● **DIRECTIONS**: Although the records contain pictures, none belong in the copy: restate word for word only the lines from the one with "this 2048×1365 image." through the one with "this 1600×1059 image.", both included.
"""
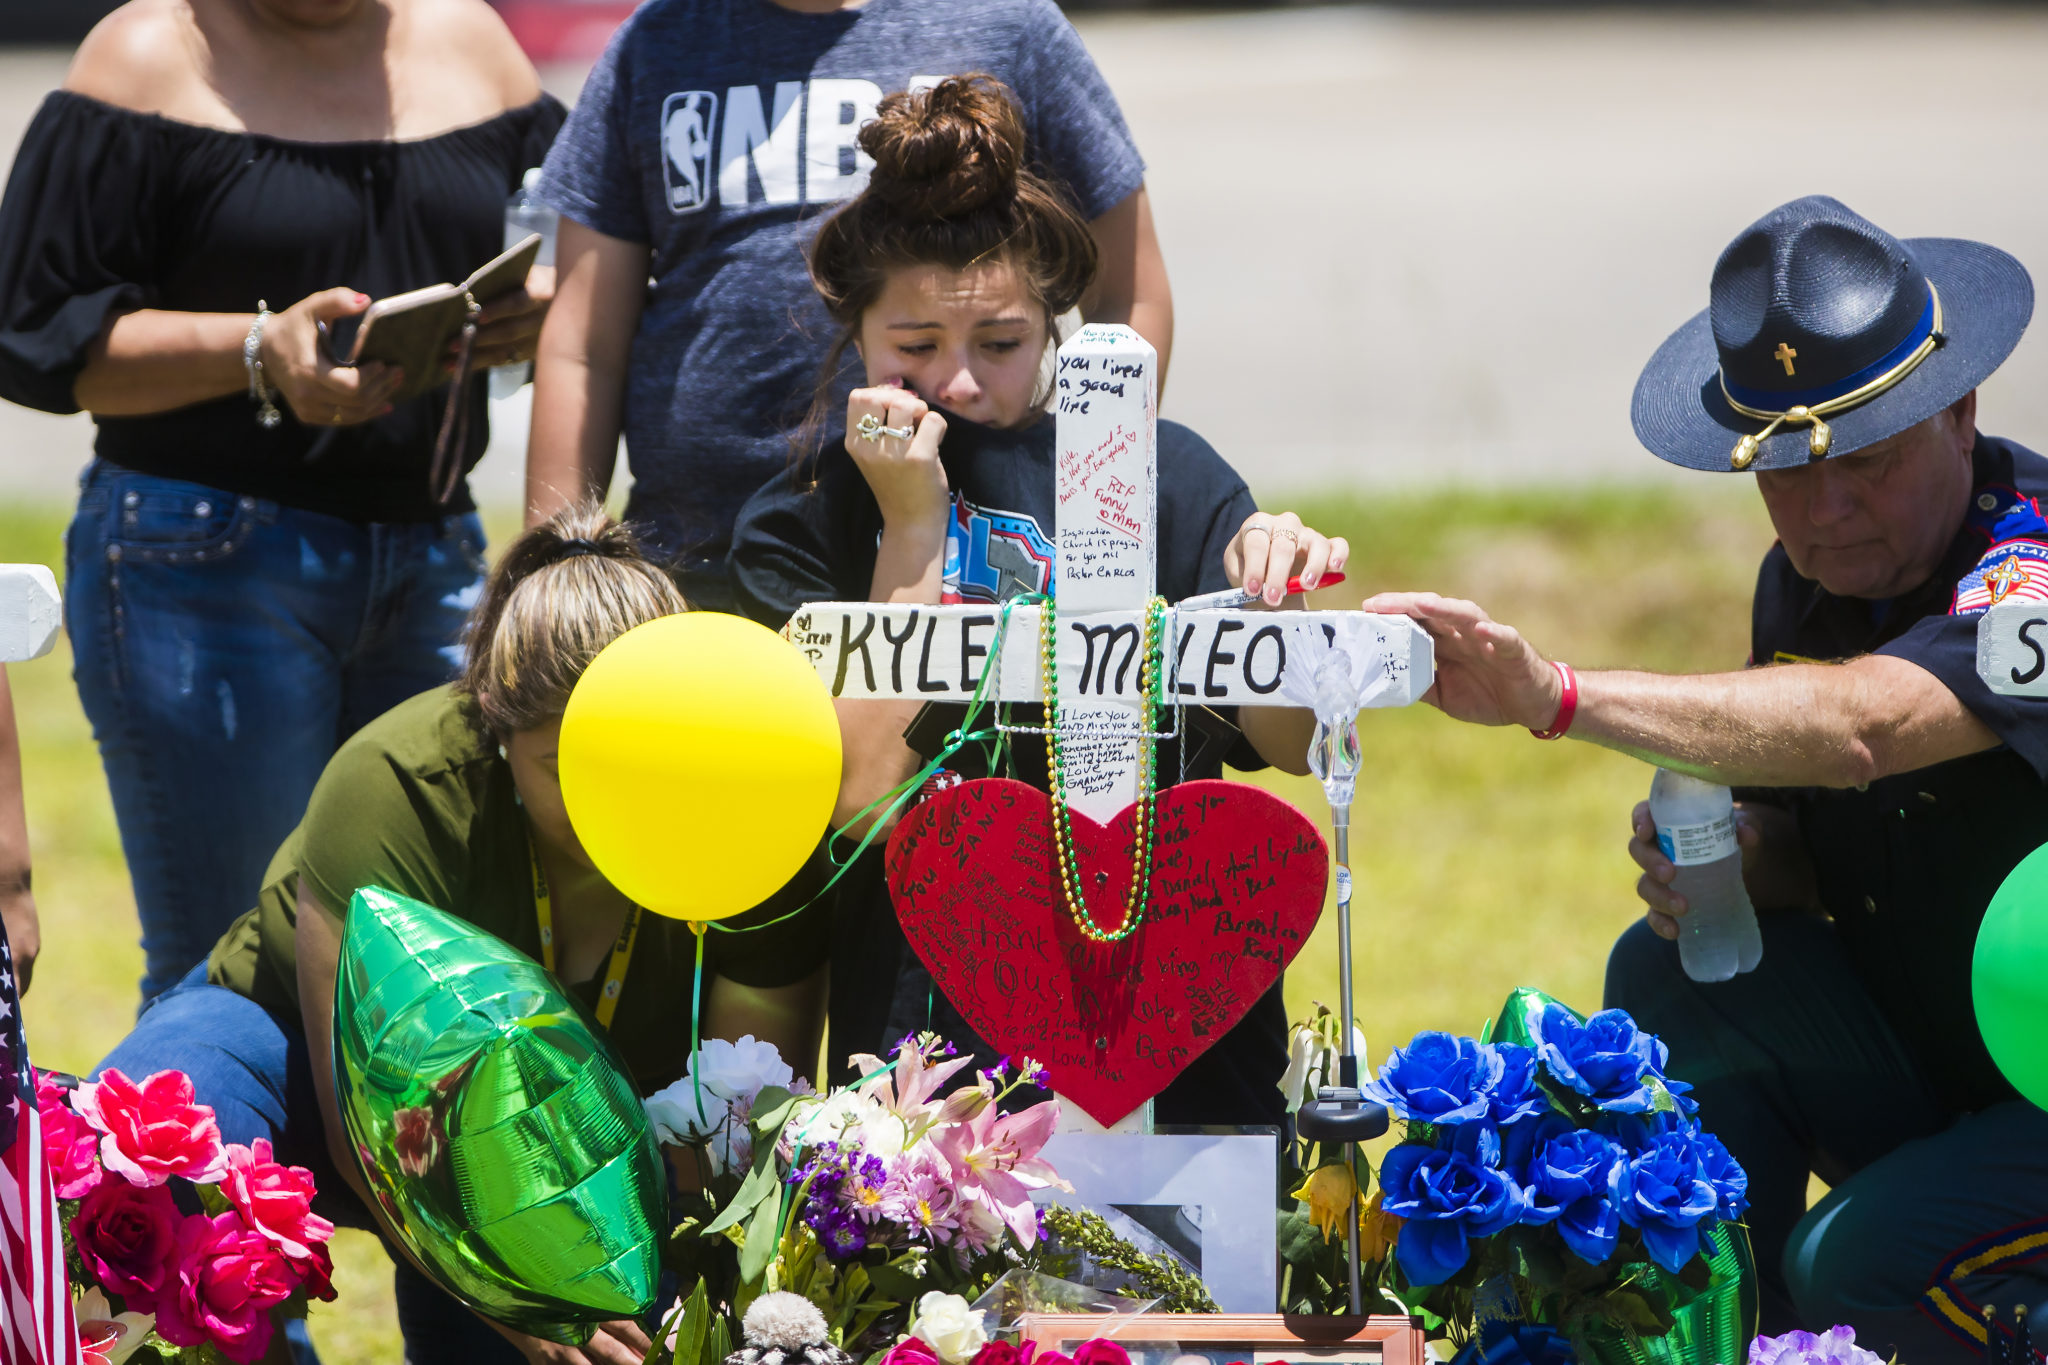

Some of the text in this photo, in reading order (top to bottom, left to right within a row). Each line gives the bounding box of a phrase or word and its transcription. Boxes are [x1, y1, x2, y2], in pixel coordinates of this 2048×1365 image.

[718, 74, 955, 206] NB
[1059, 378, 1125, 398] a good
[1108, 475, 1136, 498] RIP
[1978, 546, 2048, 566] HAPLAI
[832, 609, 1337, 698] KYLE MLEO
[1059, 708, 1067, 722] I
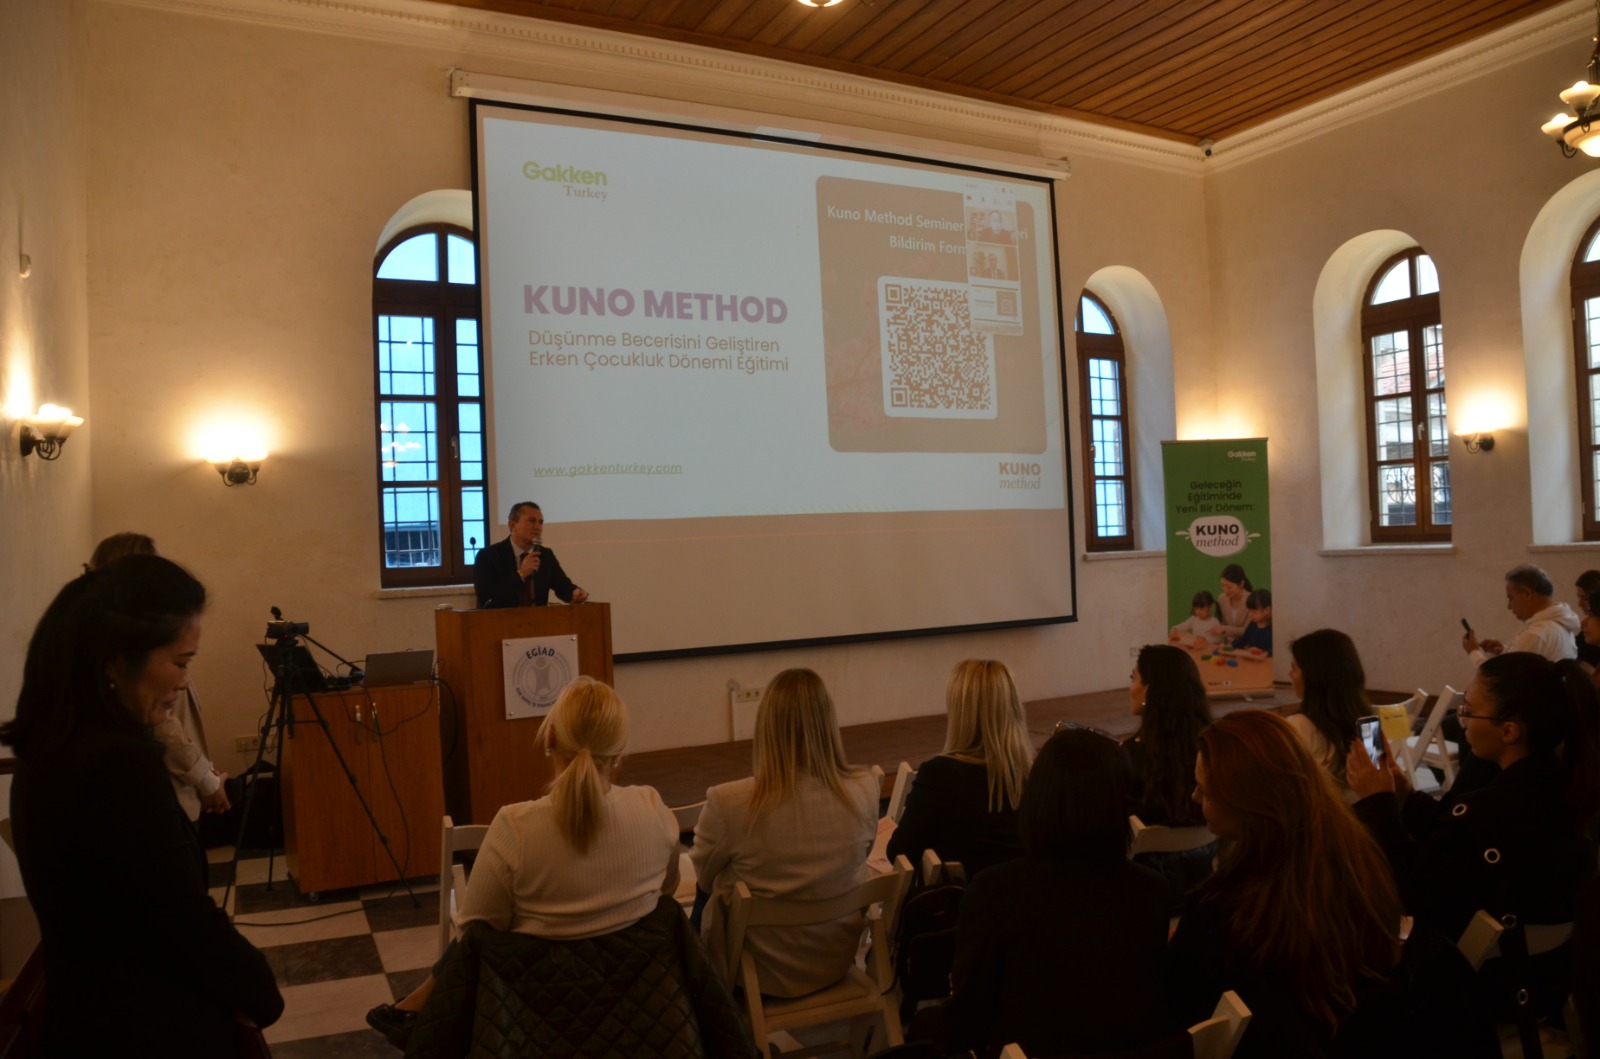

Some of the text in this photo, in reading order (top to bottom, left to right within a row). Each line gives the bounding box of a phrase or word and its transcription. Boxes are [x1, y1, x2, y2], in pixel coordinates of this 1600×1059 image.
"""
"""
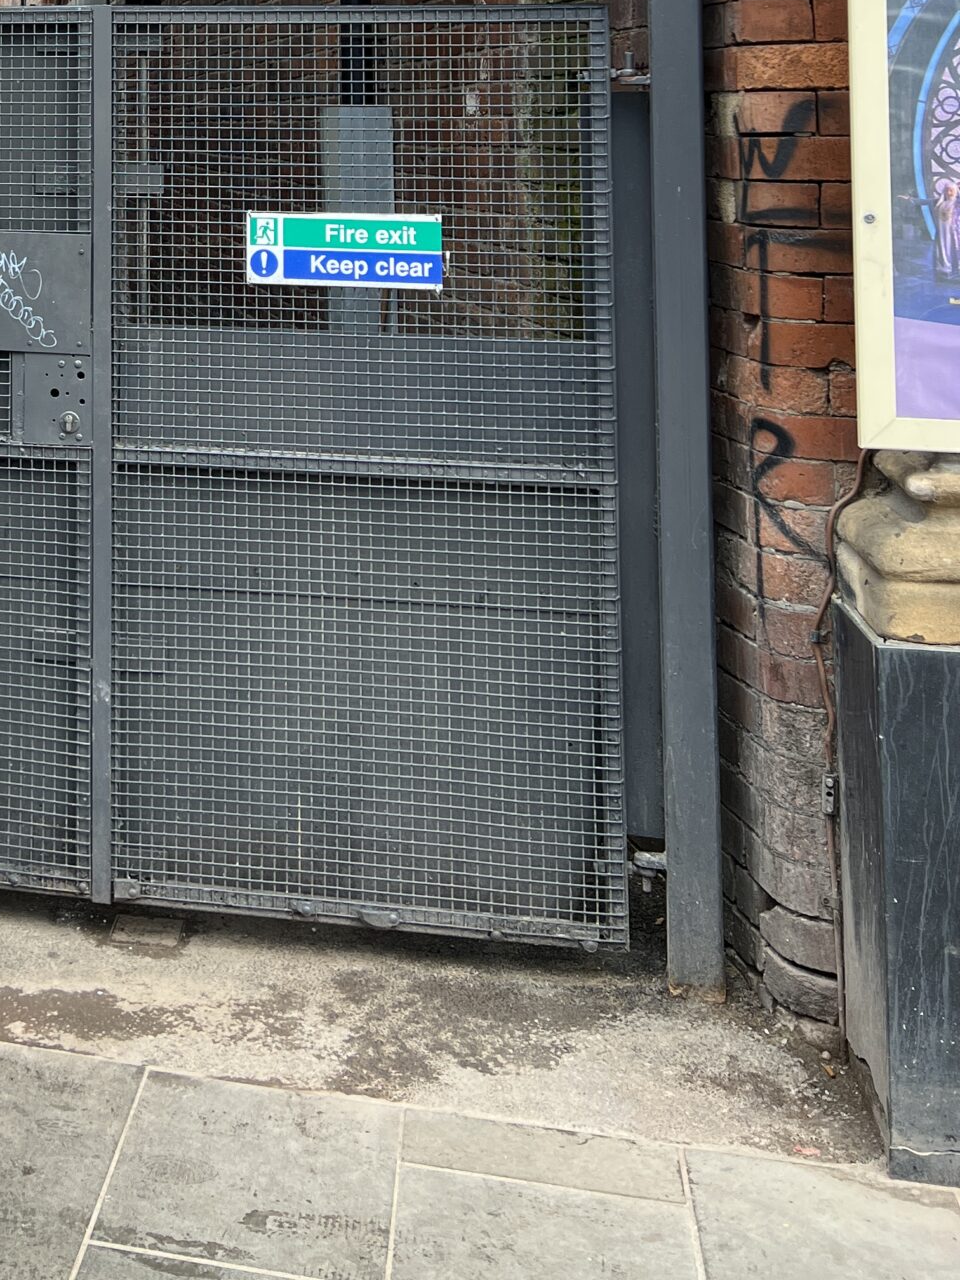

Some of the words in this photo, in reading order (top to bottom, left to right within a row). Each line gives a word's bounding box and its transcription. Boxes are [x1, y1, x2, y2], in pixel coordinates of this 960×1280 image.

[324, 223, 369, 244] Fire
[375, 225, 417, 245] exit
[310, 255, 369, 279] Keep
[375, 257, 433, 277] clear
"""
● **PROBLEM SOLUTION**:
Some of the text in this photo, in reading order (top to bottom, left to right within a row). Each line gives the bounding box of a phrase or word and its transcription. Boxes are [x1, y1, x2, y2], in pixel coordinates of this 2048×1365 image.

[718, 74, 955, 206] NB
[1059, 378, 1125, 398] a good
[1108, 475, 1136, 498] RIP
[1978, 546, 2048, 566] HAPLAI
[832, 609, 1337, 698] KYLE MLEO
[1059, 708, 1067, 722] I

Some of the text in this photo, in reading order (top to bottom, left to right within a row). Each line gives the bounding box of a phrase or word and its transcription. Boxes are [x1, y1, x2, y2], in pixel coordinates of this 1600×1059 image.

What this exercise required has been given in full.